Controlli nelle discoteche
Controlli nelle discoteche

Viareggio, 5 novembre 2019 -  Si va dalla contestazione alla condivisione di alcuni punti o di tutta la proposta. Su due aspetti c’è molta concordanza: sì incondizionato per l’installazione di defibrillatori ma le norme complessive del progetto ‘safe dance’ rischiano di essere inapplicate perché potrebbero violare la privacy e le leggi ordinarie. Proprietari e gestori di importanti discoteche della Toscana commentano, con differenti punti di vista, il progetto del presidente della terza commissione regionale Stefano Scaramelli che vuole portare in approvazione in aula un piano in cinque punti: limite di orario alla musica, defibrillatori obbligatori, nuova formazione della security, trasporto collettivo, controlli anti alcol e anti droga.

DROGA E LOCALI, SMETTIAMOLA CON LE IPOCRISIE (di A. Pini)

DISCOTECHE, SI CAMBIA. ALLE 4 SCATTA LA CHIUSURA

DISCOTECHE, PARLA CECCHETTO. "SERATE SICURE, ORA BASTA ANNUNCI"

Netto e inequivocabile il no al progetto del presidente regionale del sindacato locali da ballo Silb-Confcommercio Alessandro Trolese, anche presidente provinciale di Pisa. “Chi ha avanzato questa proposta di legge ha come obiettivo della mera propaganda. Meglio sarebbe stato utilizzare idee e tempo per predisporre leggi che limitino lo spaccio di stupefacenti con pene certe e dure perché chi vende droga è un mercante di morte. Invece si sceglie la strada della demagogia e non si combatte chi svolge attività illecita o abusiva”.

Trolese entra nello specifico. “Il gestore per legge non può imporre controlli anti alcol o anti stupefacenti, l’orario più o meno lungo è un falso problema se rapportato al tema sicurezza. Bisogna invece far capire ai ragazzi che sballarsi è qualcosa di profondamente sbagliato e noi faremo sempre la nostra parte. Come la facciamo nella formazione della security. Tutti hanno personale qualificato e preparato. Chi non lo fa deve essere giustamente sanzionato. Sono naturalmente d’accordo per i defibrillatori”.

La Versilia è una capitale nazionale dell’intrattenimento e qui le posizioni sono abbastanza variegate. A rendere tutto più difficile ad esempio l’orario, come sottolinea Mario Cambiaggio amministratore unico del Twiga. “Da noi a Marina di Pietrasanta è previsto l’alt alla musica alle 4, al Forte alle 5 e al Cinquale alle 6. Dare uno stop unico sarebbe giusto perché eviterebbe le migrazioni molto pericolose. Quest’estate è stato introdotto l’uso volontario dell’etilometro ma non è stato un successo e noi non possiamo imporre niente.

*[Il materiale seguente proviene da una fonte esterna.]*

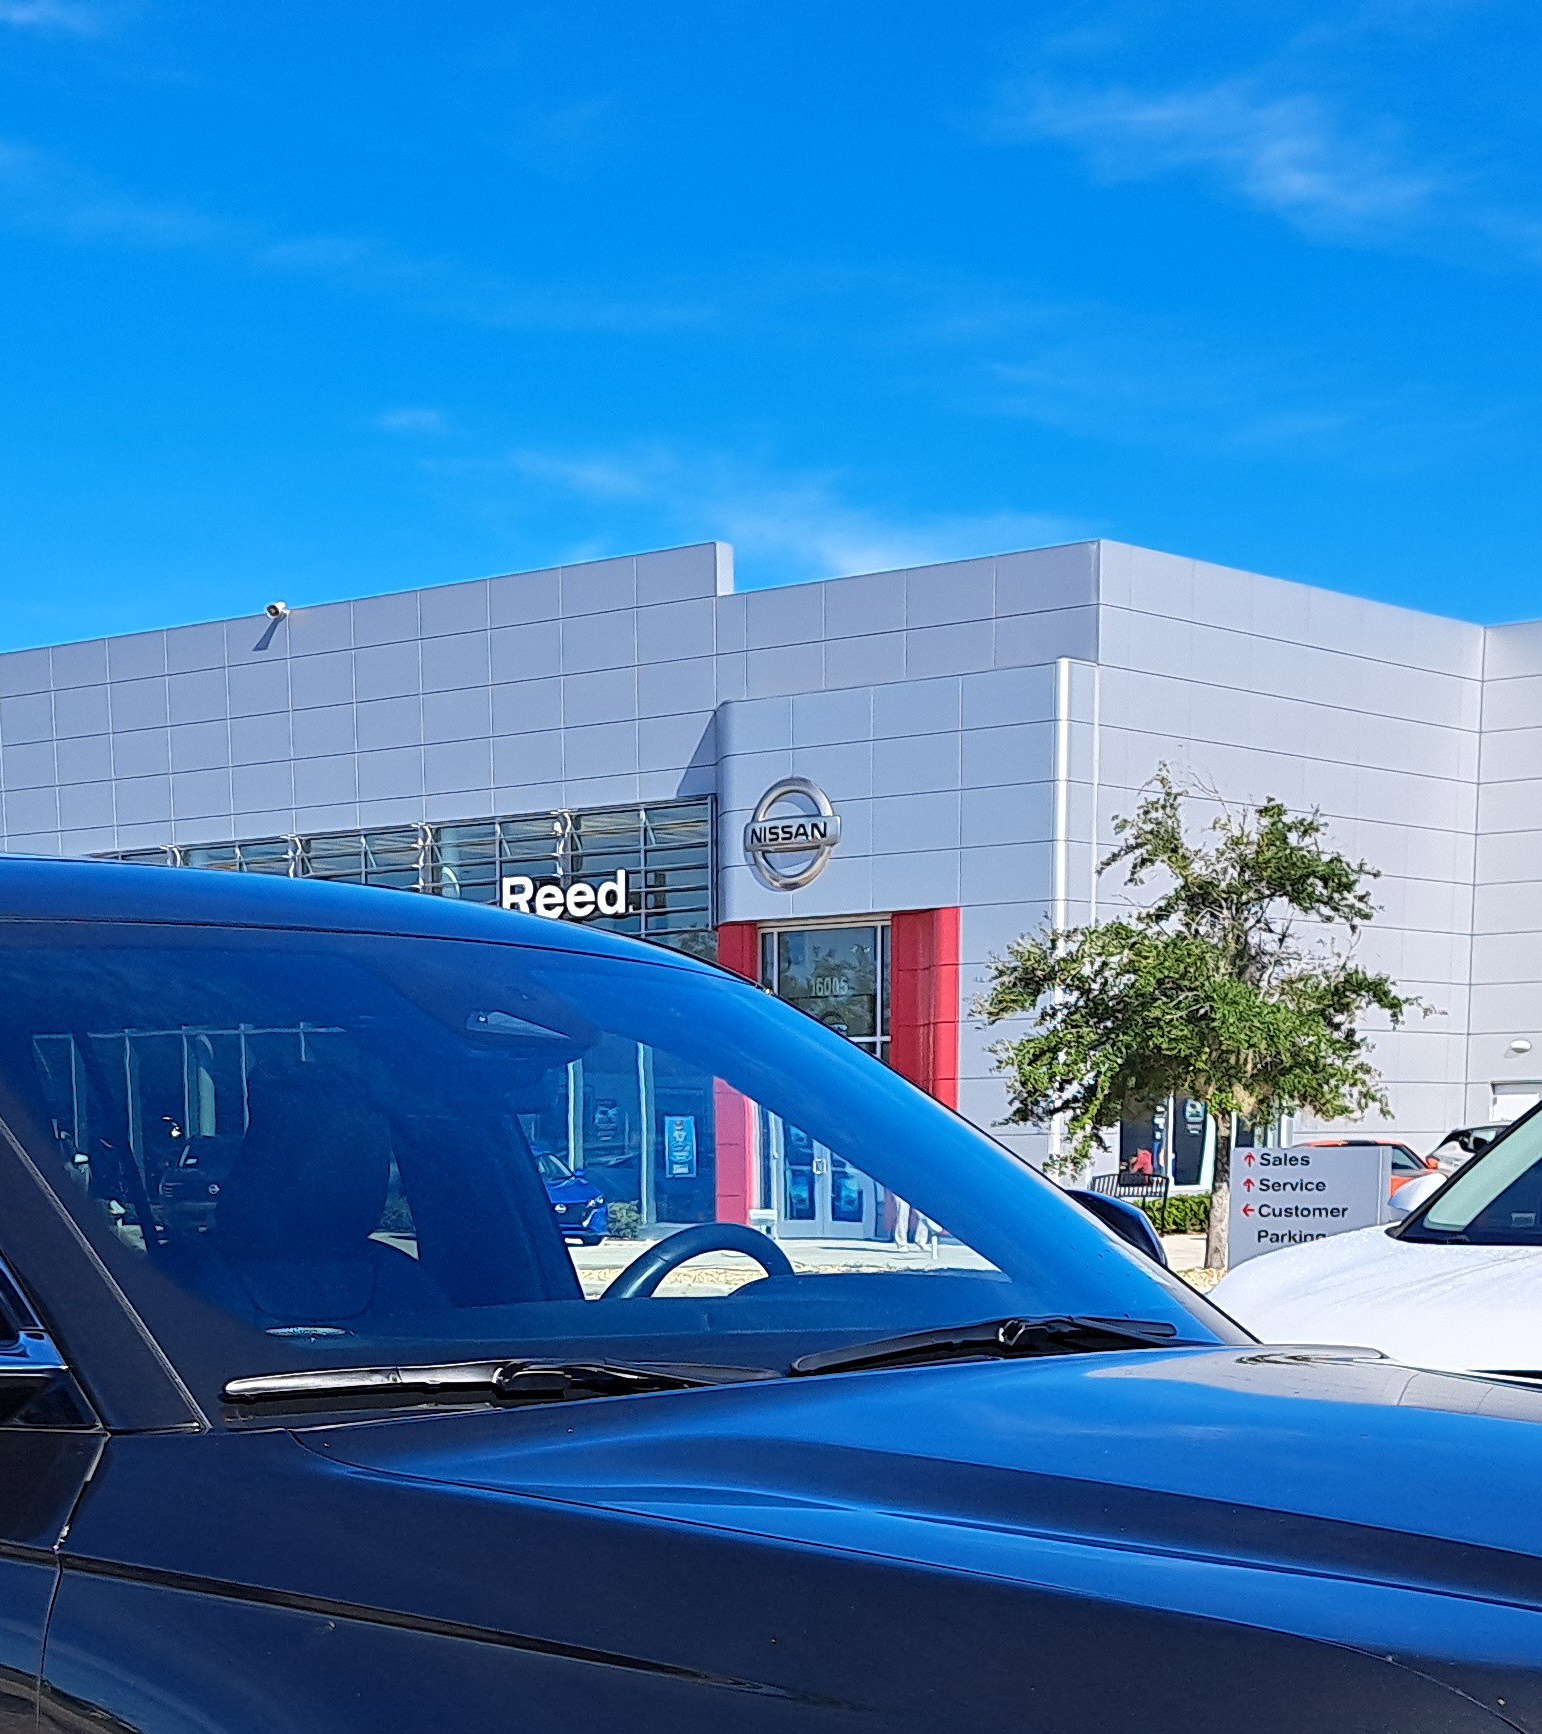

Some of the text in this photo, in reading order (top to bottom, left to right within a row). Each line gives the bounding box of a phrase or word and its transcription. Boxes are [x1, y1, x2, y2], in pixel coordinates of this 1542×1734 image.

[750, 821, 827, 845] NISSAN
[501, 868, 627, 919] Reed
[810, 977, 849, 996] 16005
[1259, 1152, 1311, 1167] Sales
[1259, 1178, 1327, 1193] Service
[1258, 1204, 1349, 1219] Customer

Lavoriamo piuttosto nell’educare i ragazzi a non arrivare già sballati”. Gherardo Guidi, storico proprietario della Capannina del Forte, invoca una legislazione che sia unica a livello nazionale. “Sono per la chiusura alle 4. Per la sicurezza nel locale noi abbiamo un personale preparato per affrontare ogni emergenza e che è capace di usare anche i defibrillatori. L’importante è che tutti adottino la stessa linea”. Per quanto riguarda i controlli anti- sballo Giuliano Angeli gestore della Bussola di Focette auspica una obbligatorietà che sia gestita dalle forze dell’ordine.

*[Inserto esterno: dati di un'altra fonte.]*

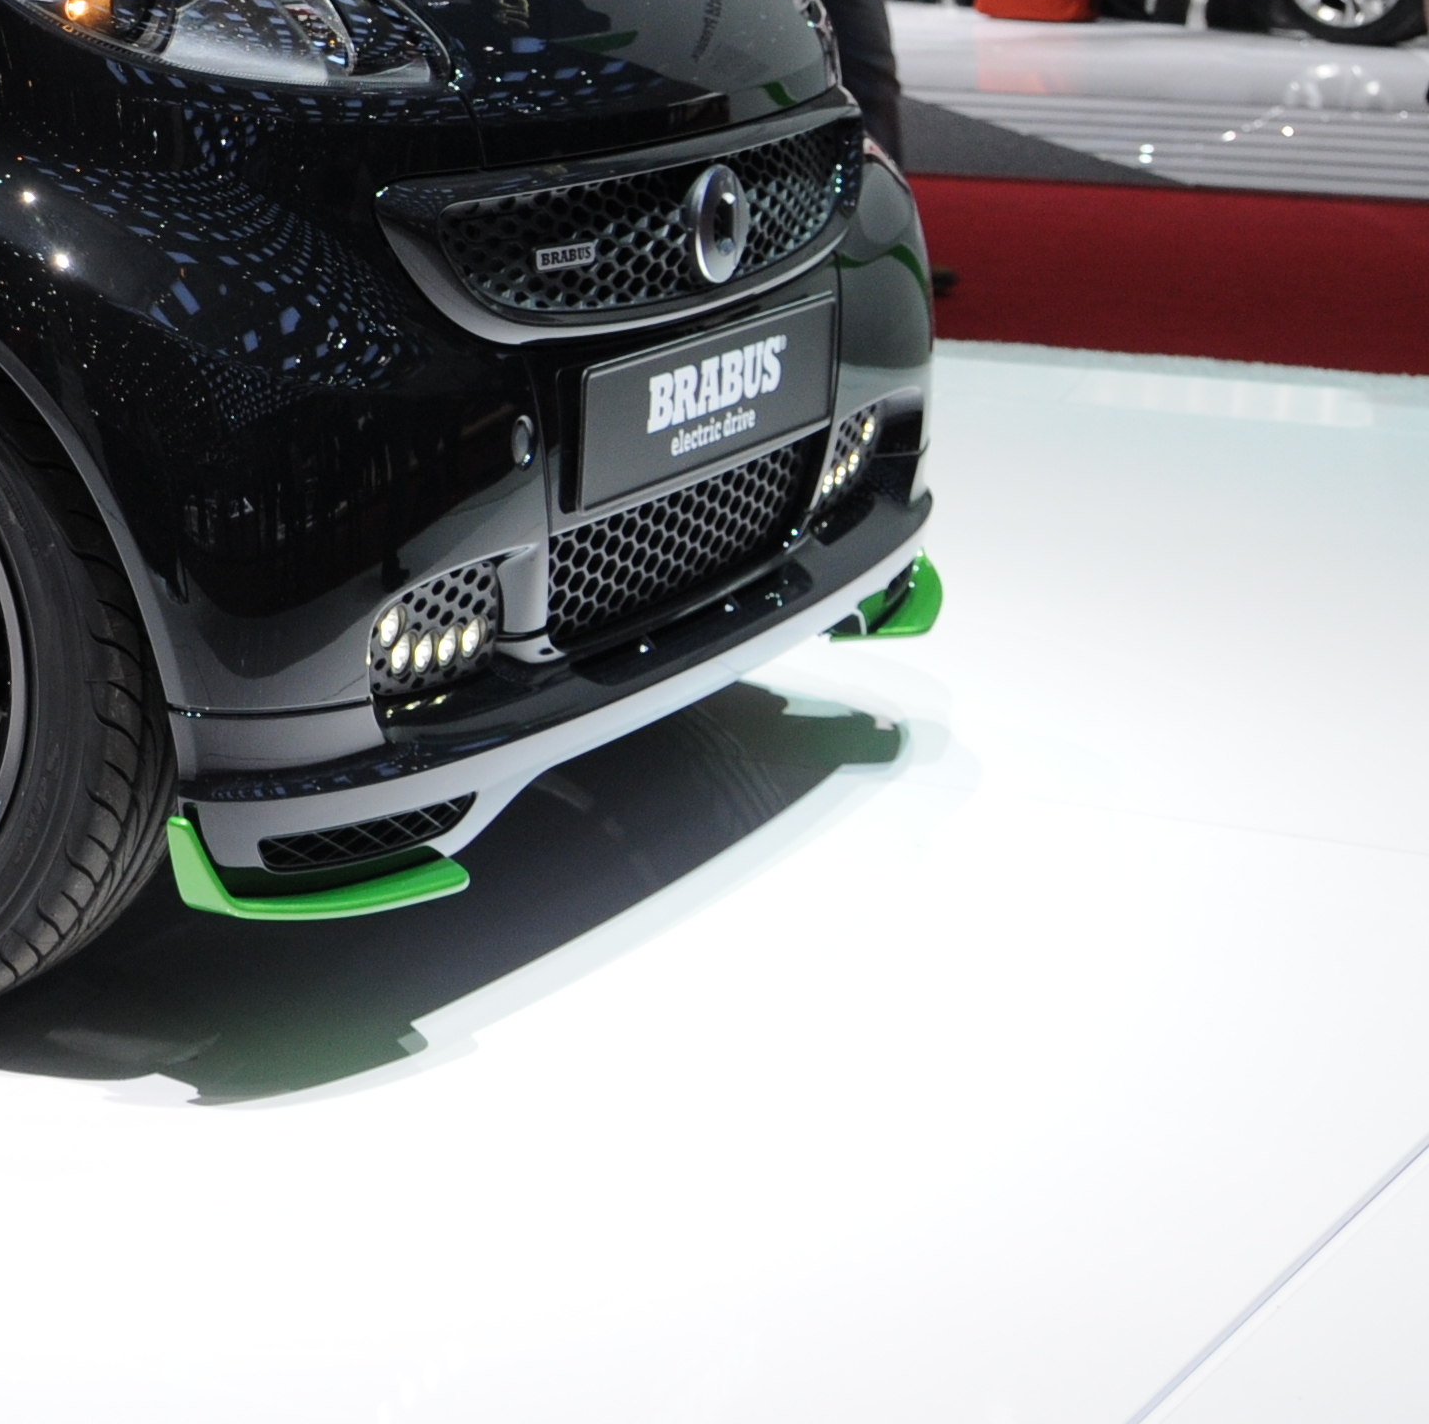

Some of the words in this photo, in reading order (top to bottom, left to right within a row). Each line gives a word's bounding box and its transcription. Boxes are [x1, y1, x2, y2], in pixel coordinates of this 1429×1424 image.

“Noi non possiamo imporre nulla. Gli orari? Io sarei per iniziare prima e chiudere prima”. Chi è totalmente d’accordo sulla proposta di legge regionale avanzata da Scaramelli è Alessandro Salani, amministratore della società che gestisce il Dadamaino di Pieve a Nievole alle porte di Montecatini. “Siamo favorevolissimi anche perché in parte i punti salienti del progetto li stiamo già applicando vedi i controlli serrati per evitare la somministrazione di alcol ai giovani, alla formazione del personale oltre che per la sicurezza in generale. E’ evidente come sia necessario il pieno rispetto della privacy. L’orario? La proposta delle 4 è giusta”. Niccolò Armaroli, gestore dello storico Yab di Fireze, invoca una legislazione univoca nazionale. “Per la chiusura le 4.30 è l compromesso più giusto. Sì naturalmente ai defibrillatori e a un costante dialogo sia con gli amministratori che con le forze dell’ordine”.